# Return of the zoomies!



## MeandMy3 (Feb 27, 2013)

Bristol is 14 months old now and hasn't had the zoomies inside for quite some time. This morning, I was in our family room and heard a commotion upstairs. Pretty soon that commotion whirled herself down the stairs and back up again. She continued for about 10 minutes. The other dogs didn't know what to do. Now all three dogs have crashed. All I could do was laugh. Even though it wasn't a behavior I looked forward to, I miss it occasionally now. It was a fun way to start the day.


----------



## CatK (May 29, 2013)

Yes! We haven't seen zoomies for ages but had a little busty up over and around the living room the other day! Treating the sofas like skateboard ramps, was fun to watch. Reminded me how far he's come.


----------



## Bob Engelhardt (Feb 14, 2012)

MeandMy3 said:


> ... that commotion whirled herself down the stairs ...


I see it exactly - that's a well-turned phrase.



MeandMy3 said:


> ... All I could do was laugh. Even though it wasn't a behavior I looked forward to, I miss it occasionally now. It was a fun way to start the day.


I could count on my guys giving me a good laugh every day. I miss that.

We called it "FRAPping" (FRAP = Frenetic Random Activity Period). Too academic, I like "zoomies" better.

Bob


----------



## CrazyCash (Jul 12, 2012)

I have two comments - when I first read the title of this post I thought it said "return of the zombies" and I was thinking that wasn't a phase I was familiar with. 

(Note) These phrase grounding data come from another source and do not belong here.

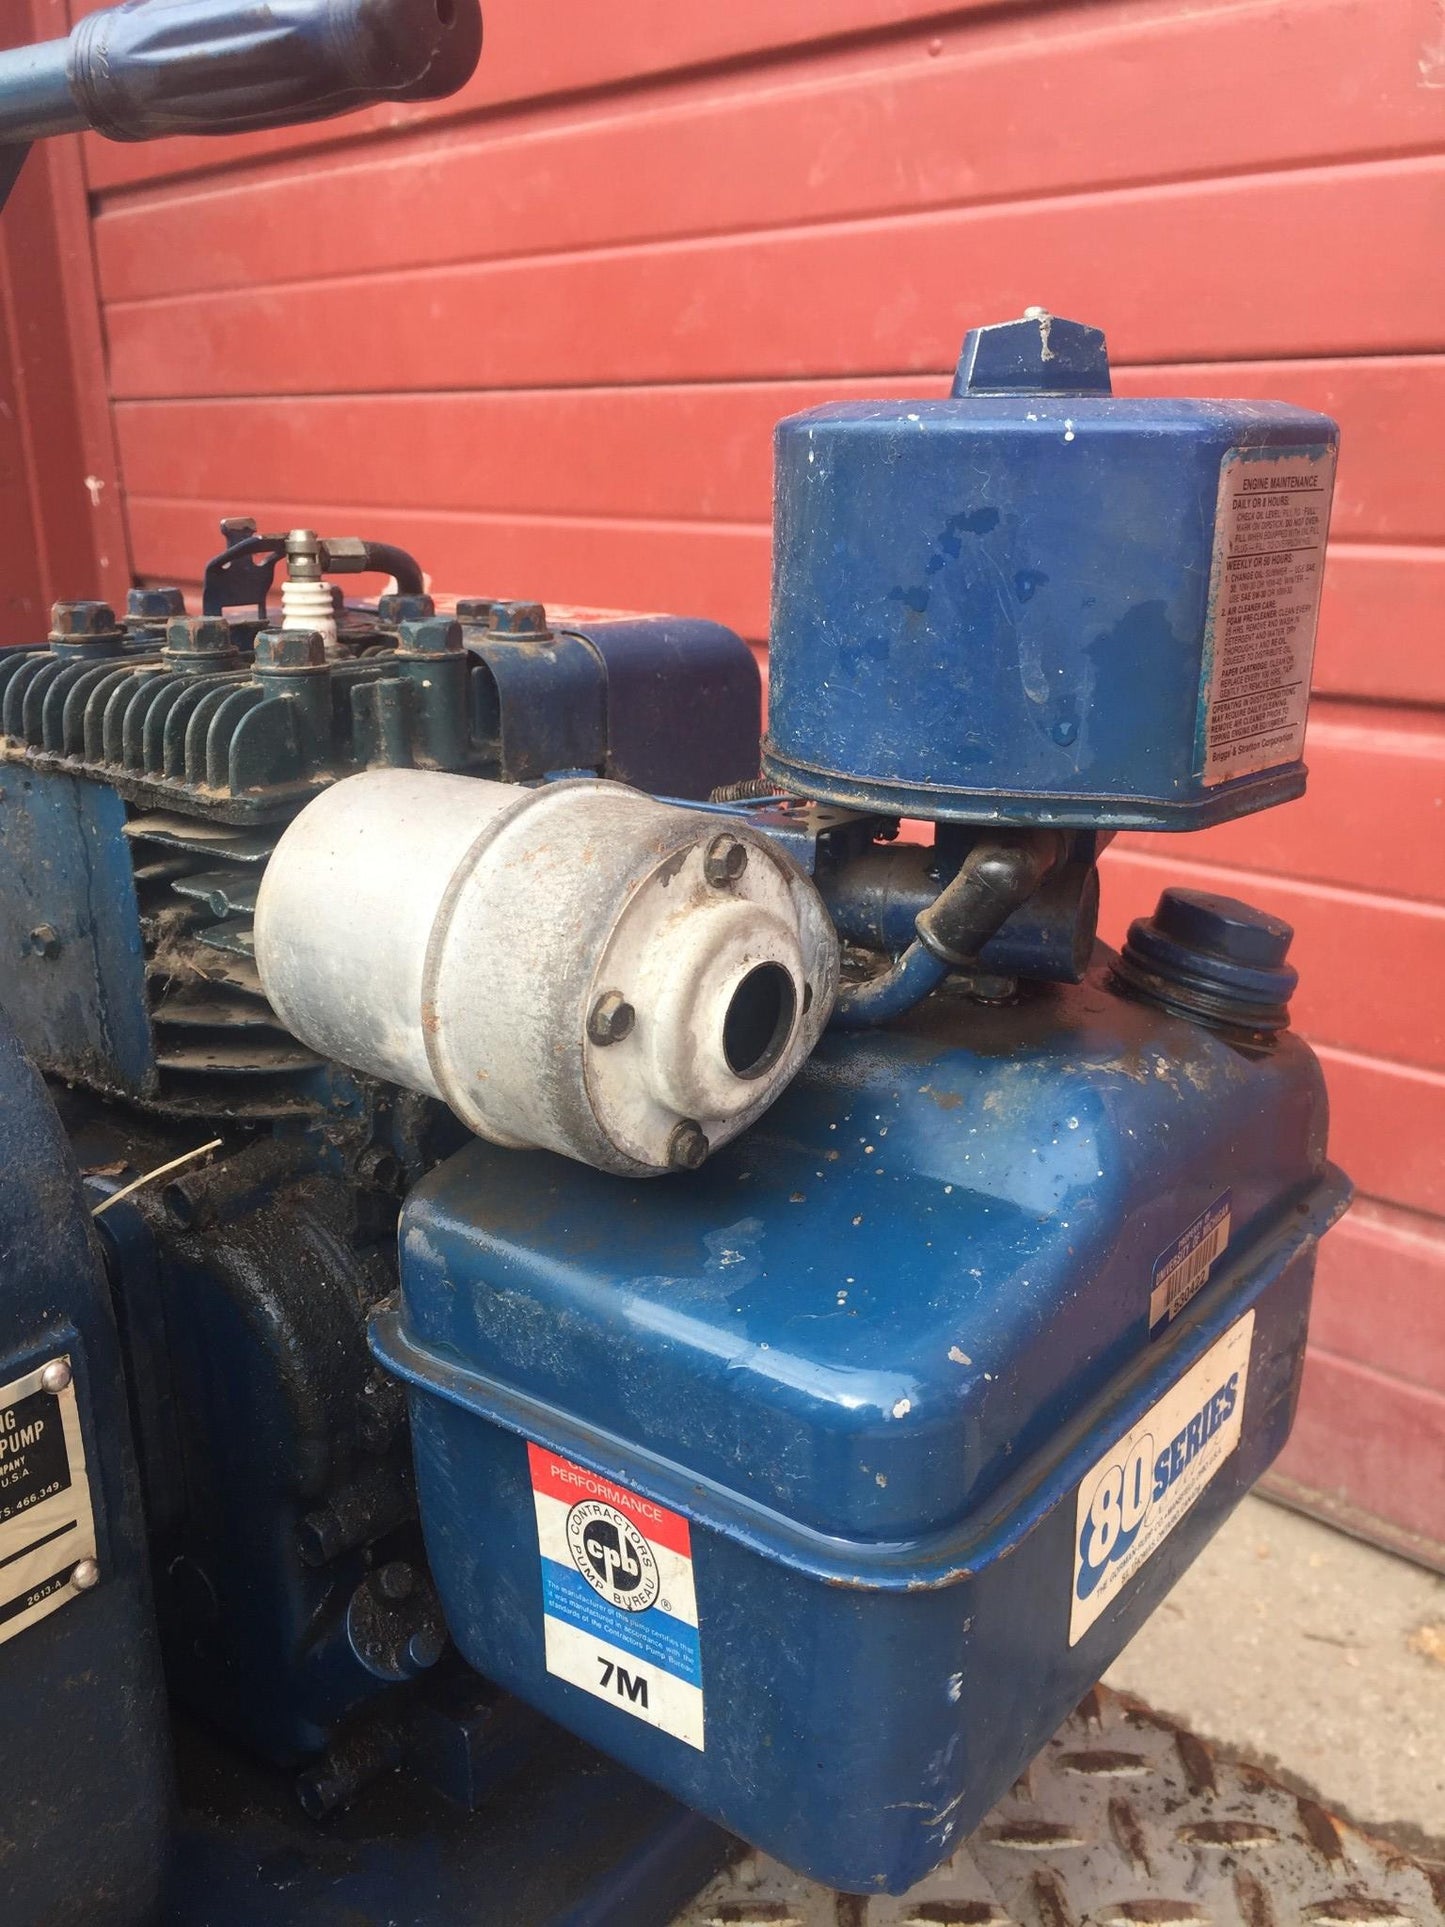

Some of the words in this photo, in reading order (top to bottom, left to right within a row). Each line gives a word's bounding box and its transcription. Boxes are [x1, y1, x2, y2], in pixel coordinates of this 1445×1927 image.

[1242, 477, 1269, 489] ENGINE
[1270, 475, 1318, 488] MAINTENANCE
[1232, 498, 1250, 509] DAILY
[1252, 497, 1260, 507] OR
[1267, 496, 1289, 506] HOURS:
[1236, 511, 1254, 521] CHECK
[1256, 510, 1264, 519] OIL
[1236, 522, 1251, 531] MARK
[1284, 518, 1292, 527] DO
[1293, 517, 1303, 526] NOT
[1234, 533, 1246, 542] FILL
[1247, 531, 1263, 541] WHEN
[1263, 529, 1287, 539] EQUIPPED
[1309, 526, 1319, 535] FILL
[1226, 557, 1252, 570] WEEKLY
[1253, 556, 1262, 567] OR
[1263, 555, 1270, 566] 50
[1271, 553, 1294, 565] HOURS:
[1231, 570, 1253, 581] CHANGE
[1305, 563, 1315, 572] SAE
[1240, 591, 1251, 601] SAE
[1226, 614, 1241, 625] FOAM
[1278, 606, 1294, 617] CLEAN
[1295, 604, 1311, 614] EVERY
[1228, 606, 1236, 615] AIR
[1237, 602, 1261, 614] CLEANER
[1245, 621, 1266, 632] REMOVE
[1268, 619, 1278, 628] AND
[1279, 616, 1293, 626] WASH
[1223, 641, 1258, 656] THOROUGHLY
[1259, 639, 1270, 649] AND
[1224, 632, 1254, 646] DETERGENT
[1255, 630, 1266, 640] AND
[1222, 654, 1245, 666] SQUEEZE
[1246, 652, 1253, 661] TO
[1254, 646, 1282, 659] DISTRIBUTE
[1222, 666, 1238, 677] PAPER
[1269, 656, 1285, 667] CLEAN
[1219, 686, 1239, 698] GENTLY
[1248, 679, 1268, 691] REMOVE
[1220, 675, 1243, 688] REPLACE
[1244, 671, 1261, 683] EVERY
[1212, 699, 1241, 713] OPERATING
[1243, 697, 1248, 706] IN
[1249, 694, 1265, 705] DUSTY
[1266, 687, 1295, 701] CONDITIONS
[1210, 720, 1232, 733] REMOVE
[1233, 718, 1241, 728] AIR
[1243, 712, 1265, 725] CLEANER
[1266, 708, 1280, 719] PRIOR
[1211, 713, 1223, 723] MAY
[1224, 708, 1246, 720] REQUIRE
[1246, 704, 1261, 715] DAILY
[1209, 730, 1230, 743] TIPPING
[1231, 725, 1250, 738] ENGINE
[1250, 723, 1258, 732] OR
[1212, 748, 1230, 764] Briggs
[1232, 746, 1236, 756] &
[1237, 740, 1260, 754] Stratton
[1261, 731, 1293, 749] Corporation
[1156, 1241, 1189, 1286] UNIVERSITY
[1202, 1202, 1228, 1239] MICHIGAN
[0, 1420, 44, 1459] PUMP
[1079, 1433, 1154, 1590] 80
[1152, 1372, 1240, 1504] SERIES
[550, 1465, 663, 1523] PERFORMANCE
[571, 1504, 653, 1568] CONTRACTORS
[586, 1524, 639, 1586] cpb
[573, 1544, 604, 1590] PUMP
[613, 1578, 655, 1608] BUREAU
[26, 1580, 62, 1606] 2613-A
[548, 1579, 558, 1590] The
[561, 1585, 605, 1612] manufacturer
[615, 1611, 628, 1623] this
[630, 1619, 650, 1635] pump
[651, 1628, 678, 1647] certifies
[680, 1642, 693, 1654] that
[548, 1598, 580, 1619] standards
[591, 1618, 601, 1630] the
[604, 1624, 642, 1649] Contractors
[645, 1644, 665, 1661] Pump
[554, 1592, 567, 1603] was
[568, 1599, 613, 1625] manufactured
[624, 1625, 662, 1649] accordance
[665, 1645, 680, 1657] with
[682, 1653, 694, 1664] the
[597, 1656, 649, 1709] 7M
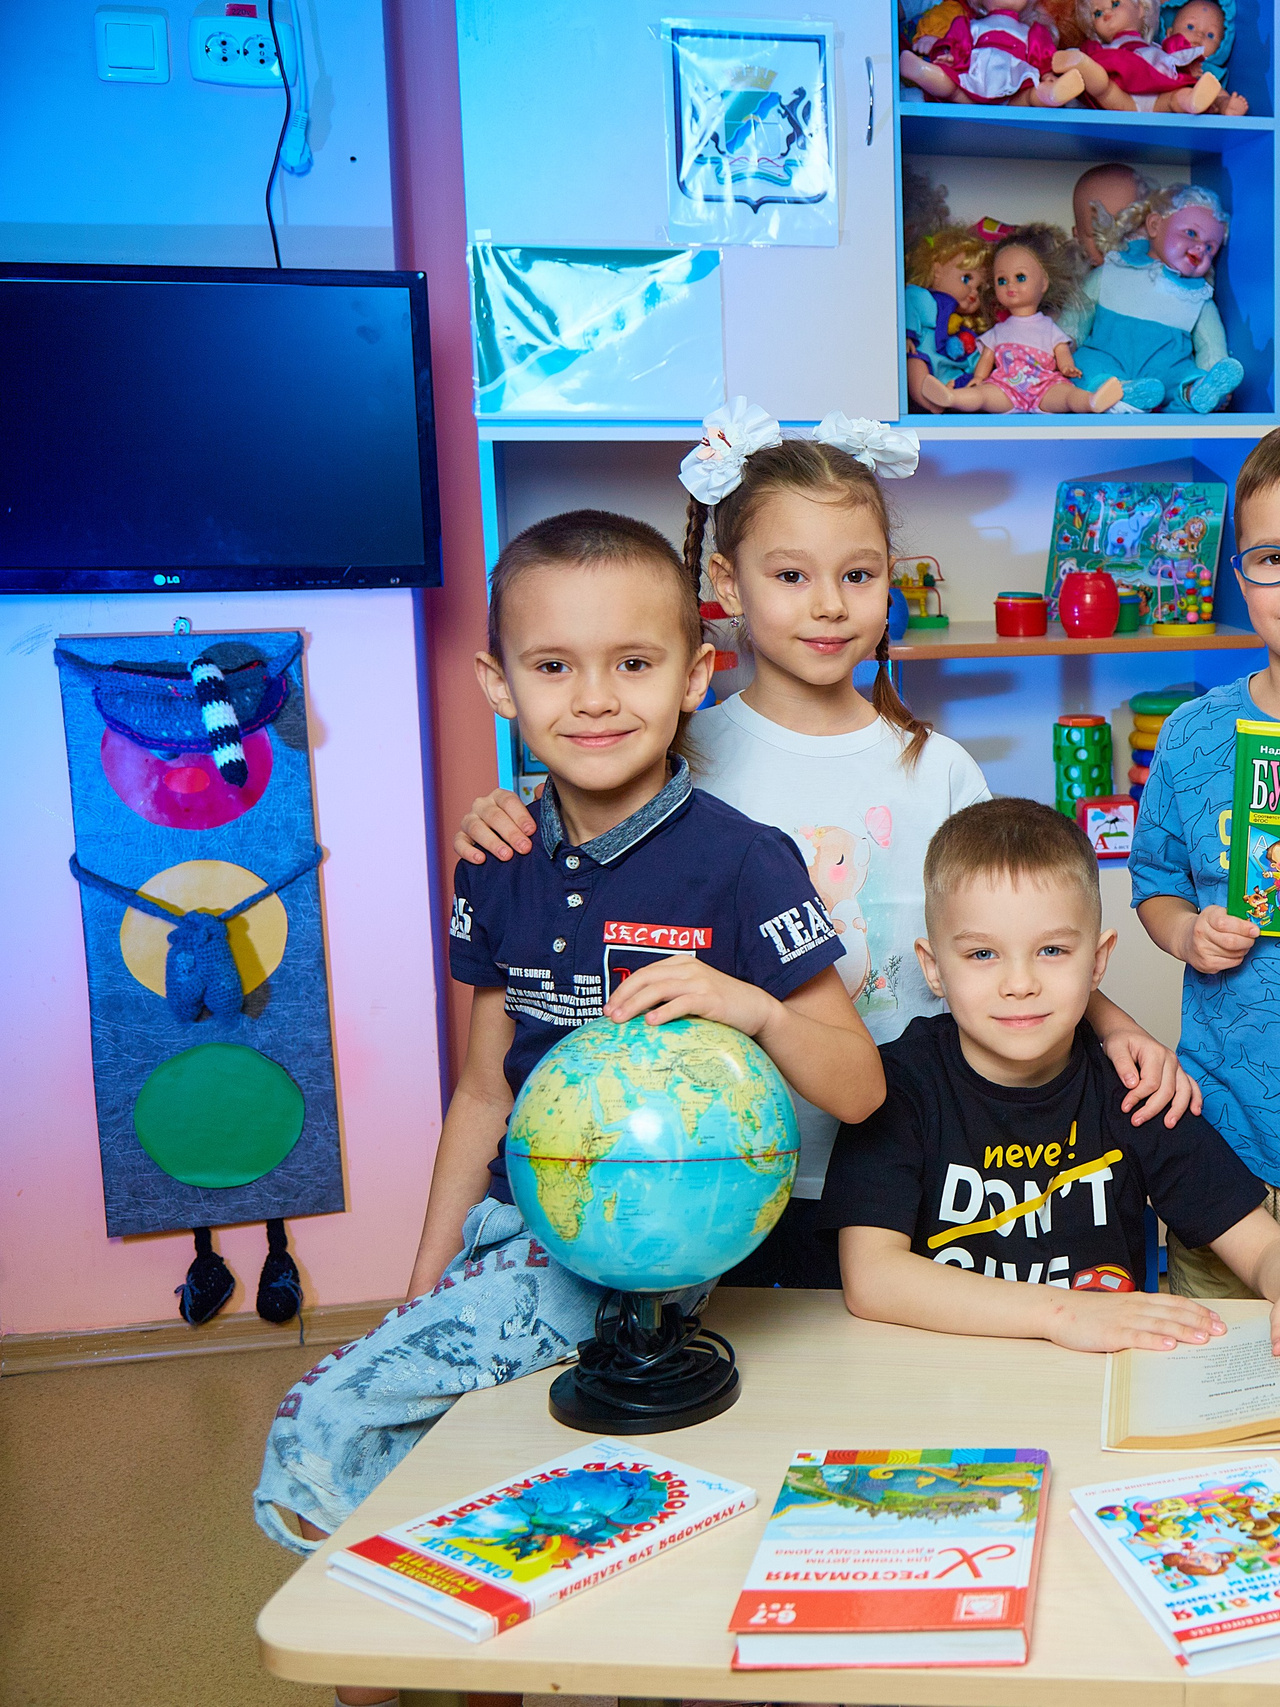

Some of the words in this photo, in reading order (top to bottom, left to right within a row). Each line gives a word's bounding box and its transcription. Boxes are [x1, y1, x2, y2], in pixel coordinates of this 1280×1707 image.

[167, 576, 180, 584] LG
[1095, 833, 1110, 850] А
[604, 923, 706, 949] SECTION
[509, 966, 524, 978] KITE
[523, 968, 552, 980] SURFER
[581, 985, 603, 997] TIME
[576, 1007, 604, 1018] AREAS
[938, 1163, 1114, 1239] DON'T
[582, 1461, 653, 1475] ДУБ
[658, 1504, 735, 1550] ЛУКОМОРЬЯ
[420, 1537, 513, 1580] СКАЗКИ
[628, 1544, 654, 1564] ДУБ
[775, 1548, 813, 1556] дома
[828, 1548, 860, 1556] саду
[864, 1547, 924, 1556] детском
[806, 1556, 850, 1565] детям
[853, 1557, 903, 1565] чтения
[748, 1610, 797, 1624] 6-7

Second - do the zoomies ever go away? Cash is now two and Penny is about 20 months and they still have the zoomies almost every day. Maybe it's because there are two of them and they get each other going. I just posted last night about them zooming around the house.


----------



## CrazyCash (Jul 12, 2012)

I agree - the zoomies make me laugh even if they do mess the house up a bit! If you saw Cash zoom around you would never know he has three legs, he's fast and just flashes past you and he can also spin and jump like crazy. The funniest is when one is in one room and the other is in a different room and then they both start zooming towards each other - it always looks like it's going to be a nasty collision, but then Penny usually jumps right over Cash as he zooms under her.


----------



## tknafox2 (Apr 2, 2013)

I have always called it the "Wild Thing" I must admit, I don't look forward to it , because when Fergy goes into the "wild Thing" Pearl goes into The nanny correction mode, and wants to make him stop, which makes it Twice as bad. One little V... running around like a loon is nothing like a wild v being chased by a 100 lb mama elephant. OMGoodness!!! Make them STOP!! Spare my good china please!!!


----------



## MCD (May 4, 2013)

It has been sooooo cold and soooooo snowy here that Dharma has not been really able to go out at all. Guess what?! ZOOMIES all over the house and she throws her toys and terrorizes the cats who still don't like her that much. We are going even nuttier than usual because we are snow bound in the house.


----------



## Ksana (Mar 30, 2013)

It is minus 40 C here and being like that for awhile now. My boy still attempts to have occasional zoomies in the backyard. His face looks so funny when he gives up and runs home, with long icicles under his chin and nose.  
He stopped playing with his toys a few months ago (perhaps, he was thinking he was too old for them?), but now the toys are back, he tosses and runs with them in the house. :-[ 
Spring COME!


----------



## einspänner (Sep 8, 2012)

CrazyCash, maybe "zombies" can be an alternative name for the shark attack period. 

Tk, we have a nanny dog here too. Whenever Scout gets the zoomies or is too rough with the dachshund mix, (at least by the chow's standards) she'll rush in there huffing and barking. Scout used to stop immediately, but now she'll throw herself on the ground, exposing her belly and trying to get the chow to play with her by biting and swatting her with her paws. I'll have to get it on video some day.


----------



## MilesMom (Jun 21, 2012)

Miles is 2 and still has zoomies regularly. Every morning we get home from our run and he pounces my husband and zooms around the house with Chase.


----------



## mswhipple (Mar 7, 2011)

Willie is seven years old, and he still gets the zoomies (although not every day)! He usually gets into the zoom mode when one of his dog friends comes over to play. It's a laugh riot!! ;D ;D ;D


----------



## CatK (May 29, 2013)

Having said i hadn't seen it in the house for a while, i just got a fantastic display as a thank you for giving him some new toys! Happy puppy!!


----------



## SteelCityDozer (Aug 25, 2011)

We see zoomies almost daily in the house from Penny. She knows it's time to go outside as soon as she starts so she'll run to the back door but if I haven't made it there yet she'll keep doing laps, checking the door after each one. And for some reason she decided it was time for zoomies today when I was cleaning up the yard at lunch. Dozer just stood by the door waiting to go back inside.


----------



## CrazyCash (Jul 12, 2012)

Wait - are you talking about your Penny or my Penny??  my Penny does almost the same thing when it's time to go outside - if I say do you need to go potty? She will run to the door and then run back to me then run around the room and then back to the door. . I wish I had that kind of energy!


----------



## Hbomb (Jan 24, 2012)

H gets zooms around other dogs. if he meets one he likes, he starts running in a huge figure 8 circle as fast as possible. The other dog often looks at him as if to say; 'wtf??' (unless of course it's another vizsla  )


----------